• **ENTRIES PROVIDED**:
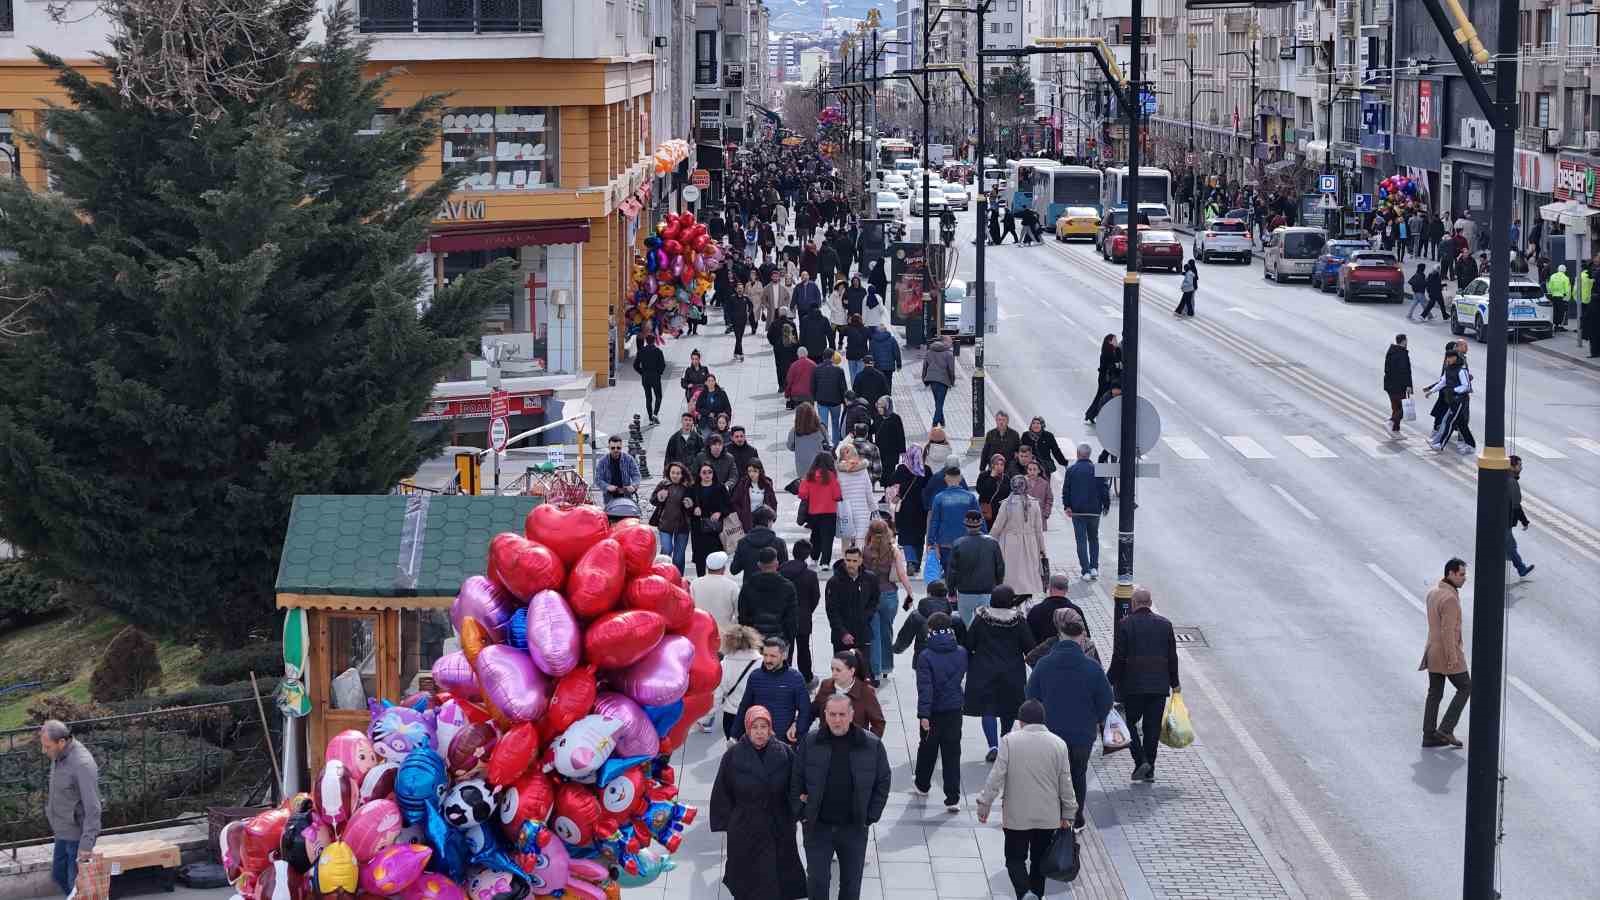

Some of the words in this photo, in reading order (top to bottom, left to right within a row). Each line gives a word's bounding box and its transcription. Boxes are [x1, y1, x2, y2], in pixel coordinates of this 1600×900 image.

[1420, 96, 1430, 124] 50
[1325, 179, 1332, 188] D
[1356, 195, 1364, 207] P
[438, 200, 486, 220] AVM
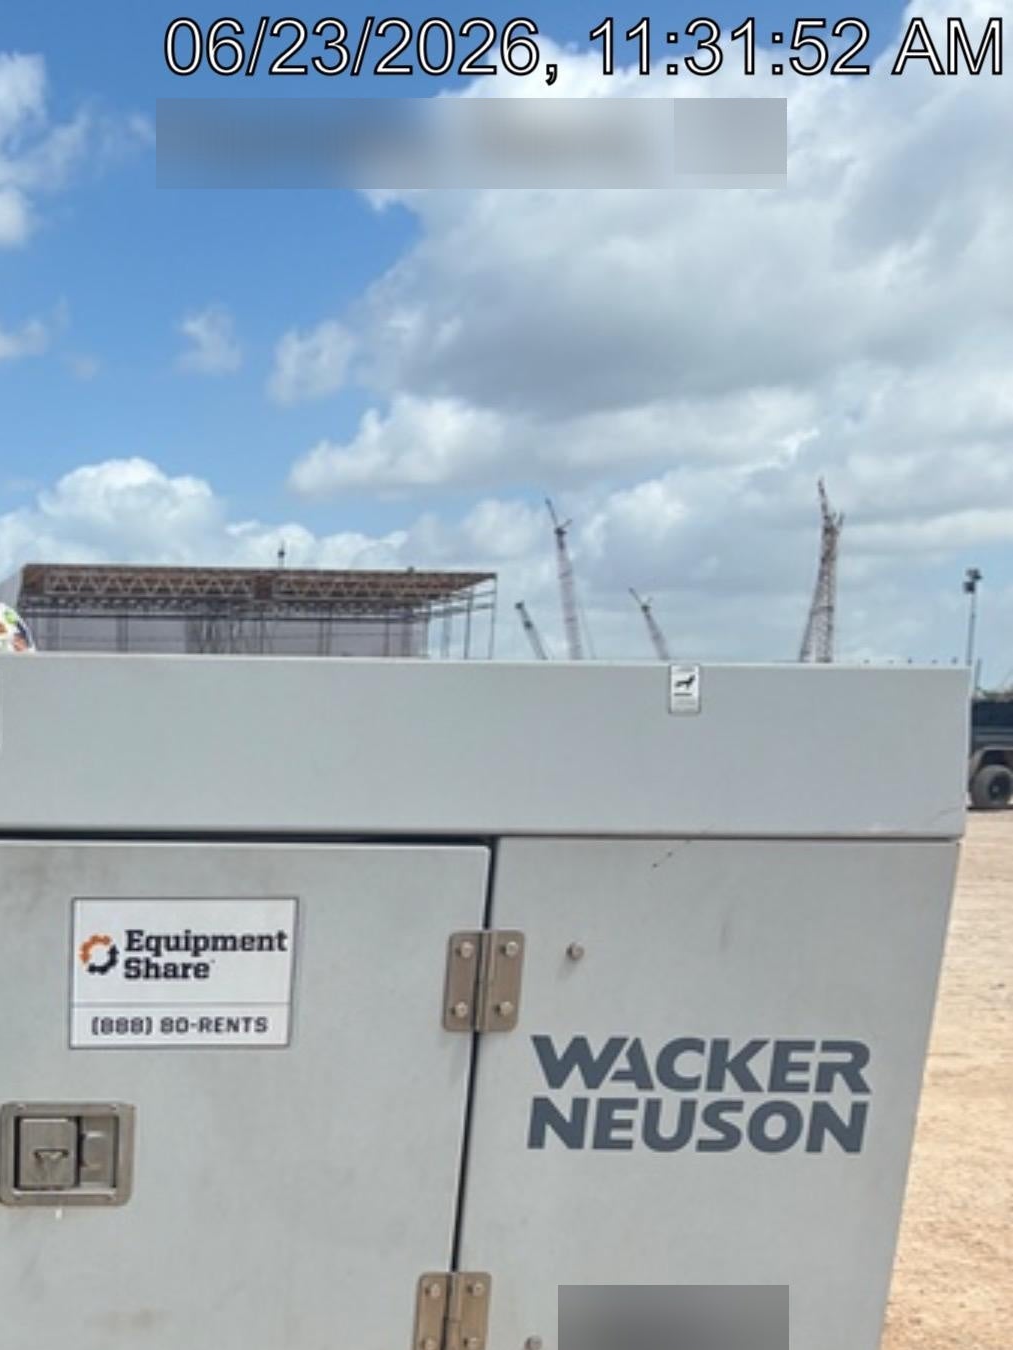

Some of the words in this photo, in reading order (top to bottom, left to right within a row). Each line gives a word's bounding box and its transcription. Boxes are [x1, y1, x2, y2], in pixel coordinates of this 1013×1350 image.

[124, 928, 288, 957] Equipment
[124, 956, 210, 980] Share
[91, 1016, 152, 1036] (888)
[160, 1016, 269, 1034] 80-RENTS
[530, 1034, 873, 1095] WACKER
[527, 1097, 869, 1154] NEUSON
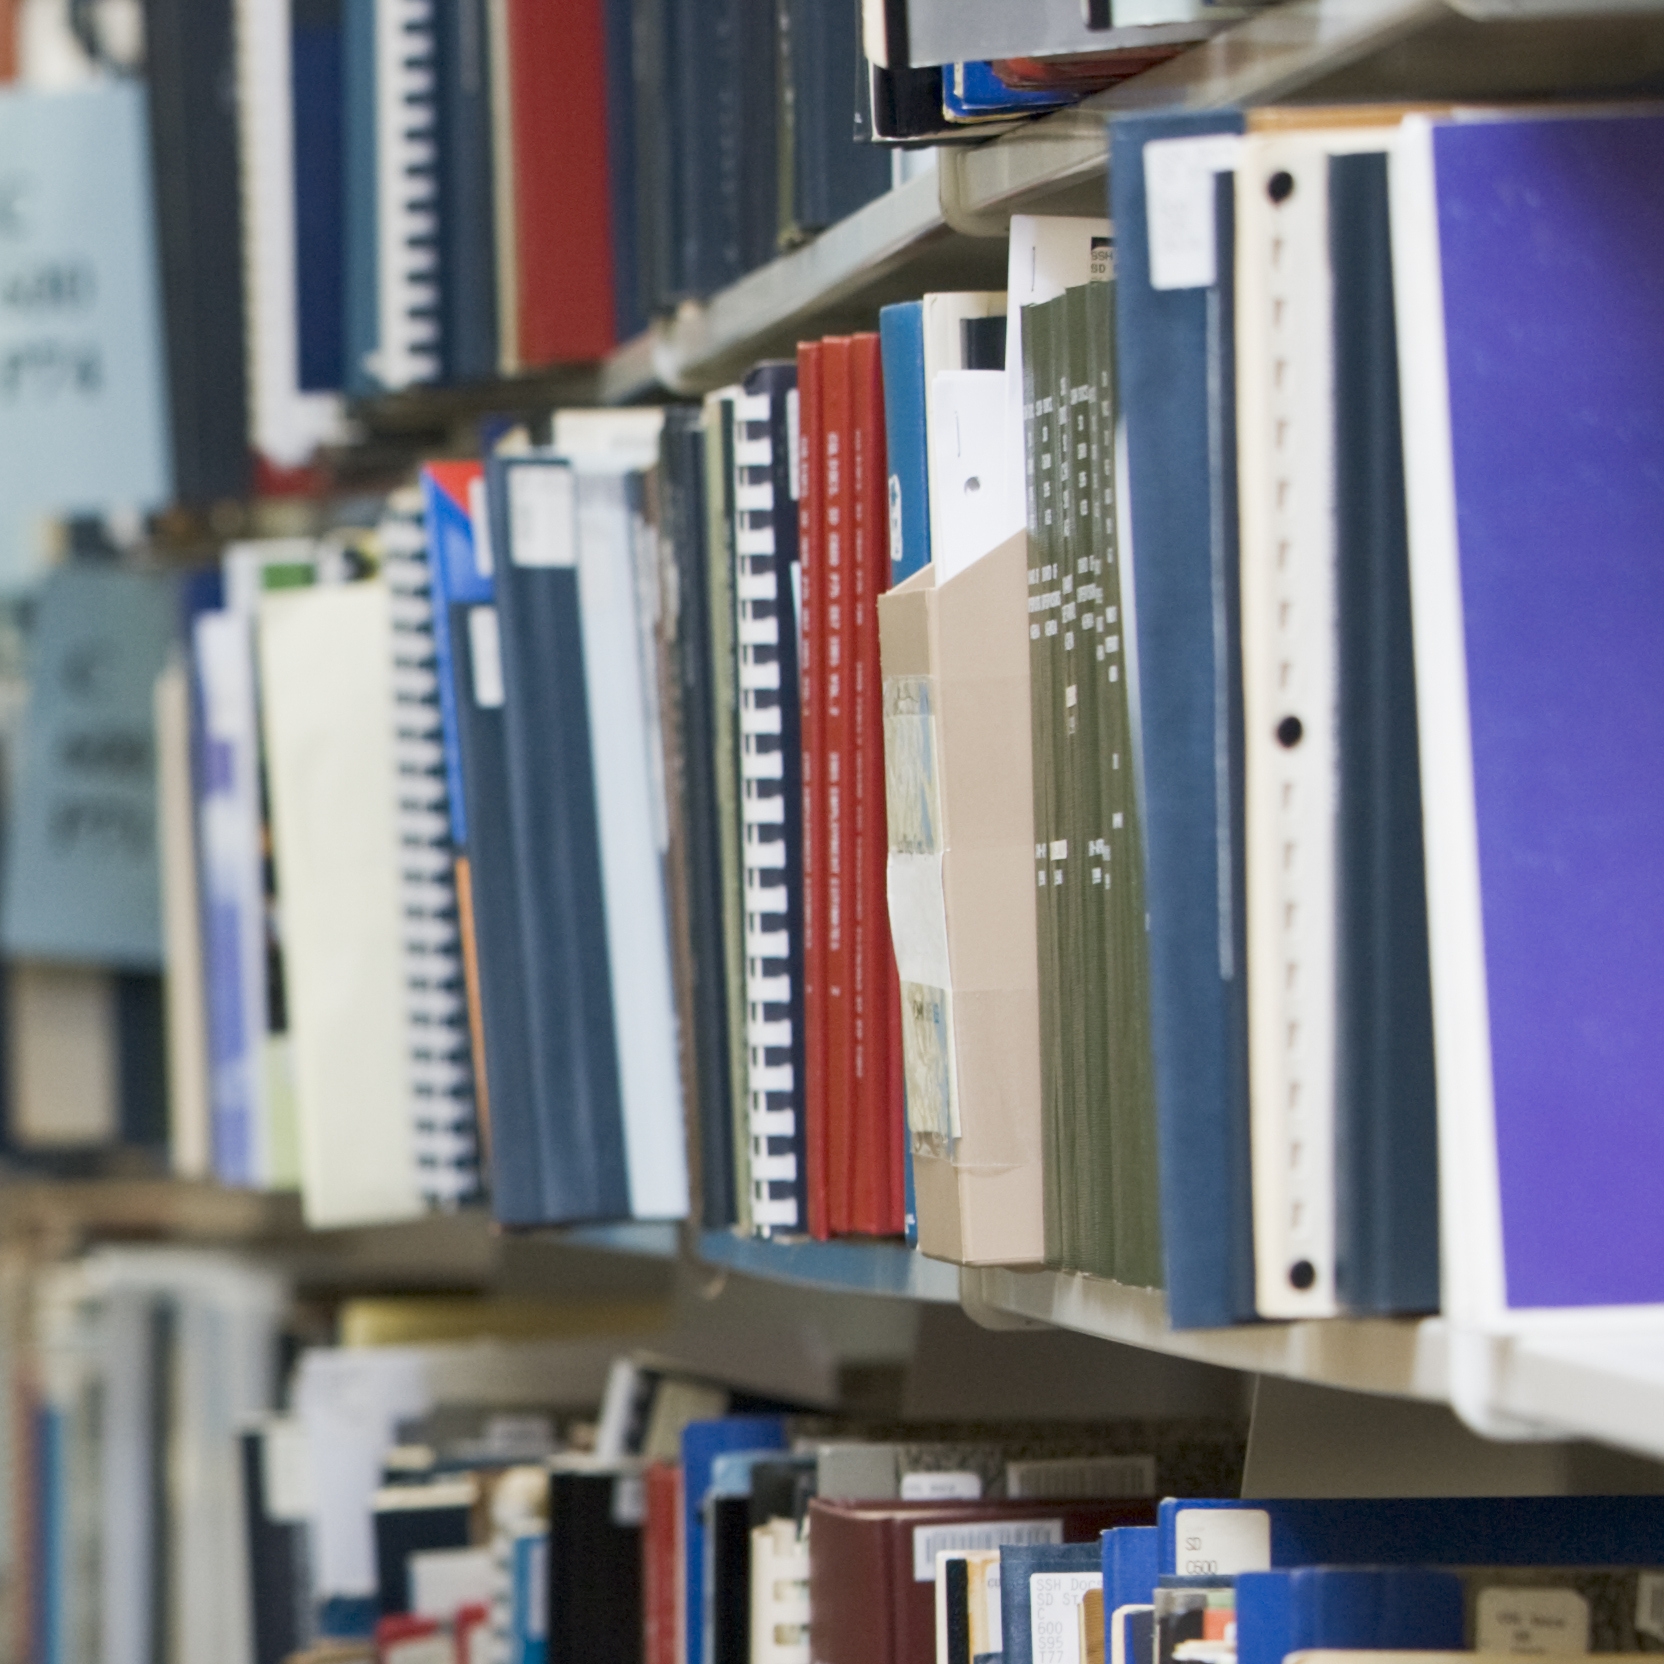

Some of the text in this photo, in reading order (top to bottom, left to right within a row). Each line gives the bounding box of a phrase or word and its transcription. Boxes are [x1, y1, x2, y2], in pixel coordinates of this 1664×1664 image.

• **DIRECTIONS**:
Without any pictures, write out the lines running from the one containing "this 1013×1350 image." through the end of the listing above, both included, exactly as given.

• **EXPECTED ANSWER**:
Some of the words in this photo, in reading order (top to bottom, left to right within a row). Each line gives a word's bounding box and its transcription. Boxes are [x1, y1, x2, y2], in pixel coordinates of this 1013×1350 image.

[124, 928, 288, 957] Equipment
[124, 956, 210, 980] Share
[91, 1016, 152, 1036] (888)
[160, 1016, 269, 1034] 80-RENTS
[530, 1034, 873, 1095] WACKER
[527, 1097, 869, 1154] NEUSON

Some of the text in this photo, in reading order (top to bottom, left to right within a row). Each line gives the bounding box of a phrase or word and its transcription. Boxes are [x1, y1, x2, y2], in pixel coordinates of this 1664×1664 image.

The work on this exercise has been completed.